RT-6000 型酶标仪（购自美国 Rayto 公司）；DSZ-70PHC 型光学显微镜（购自日本 Carton 公司）；5084R 型台式离心机（购自德国 Eppendorf 公司）；Cytomics ™ FC 500 型流式细胞仪（购自美国 Beckman Coulter 公司）；2720 型聚合酶链扩增反应仪（购自美国 ABI 公司）；PowerPac Basic 型电泳仪（购自美国 Bio-Rad 公司）；EPS300 型蛋白质电泳仪（购自美国 Thermo 公司）；Trans-Blot SD 型转膜仪（购自美国Bio-Rad 公司）。

1.2 方法

1.2.1 分组、建模及干预 60 只成年雌性 SD 大鼠按照 1～60 自然数进行编号，以计算机生成随机数字表，按照随机、均等原则分为 N 组、M 组、P 组、LD 组、MD 组 和 HD组 ，每组各10只 。 除N组外均建立PCOS 模型。建模方法：来曲唑灌服，剂量为 1 mg∕kg，溶于 1% CMC 中，连续 21 d；N 组同时灌服等容积、等浓度的基质羧甲基纤维素，共 21 d。参照文献方法验证模型。然后 P 组给予枸橼酸氯米芬溶液5.21 mg∕kg 灌服，LD 组、MD 组和 HD 组分别给予 25、50、100 mg∕kg 原花青素灌服，N 组和 M 组均给予等量生理盐水灌服，均每天 1 次，连续 24 d。

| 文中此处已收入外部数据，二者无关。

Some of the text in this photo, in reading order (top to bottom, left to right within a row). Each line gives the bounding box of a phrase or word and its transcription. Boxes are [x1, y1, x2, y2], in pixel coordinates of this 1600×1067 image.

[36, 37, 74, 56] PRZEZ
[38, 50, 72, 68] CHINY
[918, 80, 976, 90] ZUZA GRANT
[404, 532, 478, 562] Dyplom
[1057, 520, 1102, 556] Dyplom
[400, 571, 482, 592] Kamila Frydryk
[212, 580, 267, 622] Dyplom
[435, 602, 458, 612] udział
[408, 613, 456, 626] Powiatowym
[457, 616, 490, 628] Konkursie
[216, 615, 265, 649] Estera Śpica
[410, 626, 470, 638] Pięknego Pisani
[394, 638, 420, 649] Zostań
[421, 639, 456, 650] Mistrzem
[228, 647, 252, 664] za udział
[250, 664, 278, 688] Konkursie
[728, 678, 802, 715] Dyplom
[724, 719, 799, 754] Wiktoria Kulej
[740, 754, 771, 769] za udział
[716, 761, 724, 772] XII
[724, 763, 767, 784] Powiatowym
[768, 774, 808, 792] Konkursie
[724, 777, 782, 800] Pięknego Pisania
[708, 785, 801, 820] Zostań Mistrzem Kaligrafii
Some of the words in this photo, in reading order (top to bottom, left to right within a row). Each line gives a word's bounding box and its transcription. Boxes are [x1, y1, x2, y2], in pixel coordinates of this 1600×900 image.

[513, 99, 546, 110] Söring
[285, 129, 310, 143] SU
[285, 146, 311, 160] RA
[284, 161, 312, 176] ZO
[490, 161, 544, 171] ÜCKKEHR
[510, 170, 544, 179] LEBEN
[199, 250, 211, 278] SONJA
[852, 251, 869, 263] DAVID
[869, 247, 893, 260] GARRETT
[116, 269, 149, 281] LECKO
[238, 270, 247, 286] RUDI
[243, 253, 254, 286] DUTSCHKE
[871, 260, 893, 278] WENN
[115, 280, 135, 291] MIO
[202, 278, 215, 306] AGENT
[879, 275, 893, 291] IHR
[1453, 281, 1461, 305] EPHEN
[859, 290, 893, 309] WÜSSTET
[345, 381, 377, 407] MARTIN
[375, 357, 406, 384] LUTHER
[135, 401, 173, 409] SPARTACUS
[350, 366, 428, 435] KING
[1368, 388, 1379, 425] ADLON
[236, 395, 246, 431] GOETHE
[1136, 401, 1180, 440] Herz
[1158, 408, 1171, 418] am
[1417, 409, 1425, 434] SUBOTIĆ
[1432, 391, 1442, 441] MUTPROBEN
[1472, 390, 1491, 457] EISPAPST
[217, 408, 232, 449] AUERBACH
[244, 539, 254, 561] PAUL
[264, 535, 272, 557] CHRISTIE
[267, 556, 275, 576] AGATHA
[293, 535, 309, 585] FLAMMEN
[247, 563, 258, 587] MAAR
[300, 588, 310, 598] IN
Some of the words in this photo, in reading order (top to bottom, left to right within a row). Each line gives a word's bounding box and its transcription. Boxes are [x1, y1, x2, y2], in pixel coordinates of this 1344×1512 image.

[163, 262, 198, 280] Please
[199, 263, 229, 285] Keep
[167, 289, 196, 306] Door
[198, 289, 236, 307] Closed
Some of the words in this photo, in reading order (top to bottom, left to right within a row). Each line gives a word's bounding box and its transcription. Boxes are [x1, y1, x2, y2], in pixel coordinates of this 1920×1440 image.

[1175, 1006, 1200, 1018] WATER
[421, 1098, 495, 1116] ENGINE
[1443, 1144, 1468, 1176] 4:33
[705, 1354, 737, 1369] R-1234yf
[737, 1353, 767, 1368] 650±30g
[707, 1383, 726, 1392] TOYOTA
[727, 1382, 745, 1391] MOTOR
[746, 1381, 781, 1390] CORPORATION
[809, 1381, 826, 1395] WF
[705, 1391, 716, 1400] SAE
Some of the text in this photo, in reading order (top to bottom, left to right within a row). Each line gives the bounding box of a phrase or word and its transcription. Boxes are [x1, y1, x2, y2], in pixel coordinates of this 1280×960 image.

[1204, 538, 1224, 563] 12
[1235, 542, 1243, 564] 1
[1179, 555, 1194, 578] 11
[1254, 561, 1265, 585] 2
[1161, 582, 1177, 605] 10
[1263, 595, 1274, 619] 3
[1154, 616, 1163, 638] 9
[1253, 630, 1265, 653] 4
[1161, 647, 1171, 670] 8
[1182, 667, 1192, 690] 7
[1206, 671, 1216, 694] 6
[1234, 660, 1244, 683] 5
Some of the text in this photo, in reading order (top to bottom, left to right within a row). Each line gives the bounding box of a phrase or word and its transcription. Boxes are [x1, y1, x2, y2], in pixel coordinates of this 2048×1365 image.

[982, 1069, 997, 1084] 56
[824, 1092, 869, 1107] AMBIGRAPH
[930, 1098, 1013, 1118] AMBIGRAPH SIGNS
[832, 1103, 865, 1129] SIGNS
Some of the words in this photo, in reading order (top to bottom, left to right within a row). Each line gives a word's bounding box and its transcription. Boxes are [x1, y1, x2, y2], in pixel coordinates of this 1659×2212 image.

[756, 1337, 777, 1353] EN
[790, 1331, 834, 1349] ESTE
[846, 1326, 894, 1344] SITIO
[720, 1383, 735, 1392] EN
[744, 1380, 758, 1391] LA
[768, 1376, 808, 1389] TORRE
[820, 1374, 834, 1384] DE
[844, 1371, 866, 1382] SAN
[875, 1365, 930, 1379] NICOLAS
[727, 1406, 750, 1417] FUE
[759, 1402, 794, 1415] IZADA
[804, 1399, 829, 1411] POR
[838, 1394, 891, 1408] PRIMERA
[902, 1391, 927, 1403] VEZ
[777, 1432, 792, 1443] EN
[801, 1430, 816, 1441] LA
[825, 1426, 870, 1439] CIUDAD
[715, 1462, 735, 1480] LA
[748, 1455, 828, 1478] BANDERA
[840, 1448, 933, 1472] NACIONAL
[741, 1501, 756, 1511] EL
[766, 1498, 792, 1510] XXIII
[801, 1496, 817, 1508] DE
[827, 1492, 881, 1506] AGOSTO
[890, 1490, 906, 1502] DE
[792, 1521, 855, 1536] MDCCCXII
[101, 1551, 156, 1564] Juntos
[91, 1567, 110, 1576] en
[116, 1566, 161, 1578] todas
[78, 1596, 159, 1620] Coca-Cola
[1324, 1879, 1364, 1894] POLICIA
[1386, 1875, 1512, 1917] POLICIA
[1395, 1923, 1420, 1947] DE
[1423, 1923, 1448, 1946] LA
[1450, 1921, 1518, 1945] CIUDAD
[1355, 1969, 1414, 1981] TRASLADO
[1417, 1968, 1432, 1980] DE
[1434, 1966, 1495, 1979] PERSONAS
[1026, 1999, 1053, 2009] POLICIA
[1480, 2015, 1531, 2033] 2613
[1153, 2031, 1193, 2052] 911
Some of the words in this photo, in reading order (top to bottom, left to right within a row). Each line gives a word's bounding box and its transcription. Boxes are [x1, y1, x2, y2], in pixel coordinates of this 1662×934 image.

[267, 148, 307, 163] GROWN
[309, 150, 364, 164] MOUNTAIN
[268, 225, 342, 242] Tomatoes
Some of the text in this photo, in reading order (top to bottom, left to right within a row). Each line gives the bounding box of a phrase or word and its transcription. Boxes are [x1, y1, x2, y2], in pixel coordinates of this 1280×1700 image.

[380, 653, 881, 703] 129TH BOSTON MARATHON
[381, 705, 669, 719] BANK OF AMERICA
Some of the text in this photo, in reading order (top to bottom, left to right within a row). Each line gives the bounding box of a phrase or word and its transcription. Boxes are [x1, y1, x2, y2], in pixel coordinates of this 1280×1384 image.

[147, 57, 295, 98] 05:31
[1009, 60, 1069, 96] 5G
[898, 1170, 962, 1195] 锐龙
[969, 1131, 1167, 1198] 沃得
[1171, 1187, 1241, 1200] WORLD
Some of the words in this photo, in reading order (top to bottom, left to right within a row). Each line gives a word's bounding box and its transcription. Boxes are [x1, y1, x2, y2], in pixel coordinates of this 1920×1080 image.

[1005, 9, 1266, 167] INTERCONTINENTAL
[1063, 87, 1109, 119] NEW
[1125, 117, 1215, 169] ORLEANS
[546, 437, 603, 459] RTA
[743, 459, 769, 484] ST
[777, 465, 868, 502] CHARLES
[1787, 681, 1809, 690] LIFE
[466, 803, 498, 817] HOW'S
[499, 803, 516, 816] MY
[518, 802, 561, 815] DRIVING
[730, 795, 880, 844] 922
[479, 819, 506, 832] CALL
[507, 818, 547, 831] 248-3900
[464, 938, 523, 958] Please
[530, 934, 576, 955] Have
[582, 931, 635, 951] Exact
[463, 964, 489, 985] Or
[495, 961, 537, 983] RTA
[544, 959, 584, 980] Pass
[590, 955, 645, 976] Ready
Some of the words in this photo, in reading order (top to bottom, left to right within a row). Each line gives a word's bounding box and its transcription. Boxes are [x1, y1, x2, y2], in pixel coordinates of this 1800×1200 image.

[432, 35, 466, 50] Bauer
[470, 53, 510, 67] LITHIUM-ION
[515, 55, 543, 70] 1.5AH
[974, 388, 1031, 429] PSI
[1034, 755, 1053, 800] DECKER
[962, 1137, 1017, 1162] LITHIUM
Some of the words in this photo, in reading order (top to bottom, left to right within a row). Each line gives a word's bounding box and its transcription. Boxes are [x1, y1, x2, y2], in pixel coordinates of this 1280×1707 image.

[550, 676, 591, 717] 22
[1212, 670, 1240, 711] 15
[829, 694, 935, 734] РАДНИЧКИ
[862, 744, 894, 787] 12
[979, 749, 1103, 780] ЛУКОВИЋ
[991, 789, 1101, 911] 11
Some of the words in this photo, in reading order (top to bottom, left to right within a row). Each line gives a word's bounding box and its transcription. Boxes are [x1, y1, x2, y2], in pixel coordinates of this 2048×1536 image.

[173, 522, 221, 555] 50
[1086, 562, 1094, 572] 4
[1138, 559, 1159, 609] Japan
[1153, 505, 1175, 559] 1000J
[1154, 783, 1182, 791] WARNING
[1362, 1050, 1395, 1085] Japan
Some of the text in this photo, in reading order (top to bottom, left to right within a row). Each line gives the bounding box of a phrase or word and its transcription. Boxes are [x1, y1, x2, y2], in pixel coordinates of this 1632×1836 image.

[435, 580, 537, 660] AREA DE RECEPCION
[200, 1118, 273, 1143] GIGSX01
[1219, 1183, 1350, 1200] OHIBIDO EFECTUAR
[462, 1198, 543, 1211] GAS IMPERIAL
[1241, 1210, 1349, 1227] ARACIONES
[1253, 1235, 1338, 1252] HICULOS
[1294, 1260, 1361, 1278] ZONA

1.2.2 血清性激素水平检测 包括睾酮、FSH、雌二醇。分别于治疗前后抽取尾静脉血 5 mL，3 500 r∕min 离心 15 min 取血清，采用化学发光法（睾酮）、酶联免疫吸附测定（FSH、雌二醇）检测，需按照对应试剂盒说明书操作。

1.2.3 卵 巢组 织 病理 观察 取 0.4% 戊巴比妥 0.1 mL∕kg 腹腔注射，大鼠昏迷后取 75% 乙醇对腹部皮肤常规消毒，将腹腔打开并取出新鲜的卵巢组织。中性福尔马林浸泡固定，梯度浓度乙醇溶液脱水，包埋并切片，HE 染色试剂盒处理，封片并以光学显微镜放大观察。

1.2.4 卵巢颗粒细胞自噬率检测 将卵巢组织取出后以生理盐水冲洗，5 min×3 遍。将脂肪组织剔除，刺破卵泡，磷酸盐缓冲液冲洗，200 目筛过滤。离心处理，参数：800 r∕min，5 min。取沉渣，调整细胞浓度 ，至 1×10个∕毫 升 。 MDC 染色 ，浓度 0.05 mmol∕L，37 ℃温育 60 min 并以磷酸盐缓冲液清洗。以流式细胞仪术检测卵巢颗粒细胞自噬率。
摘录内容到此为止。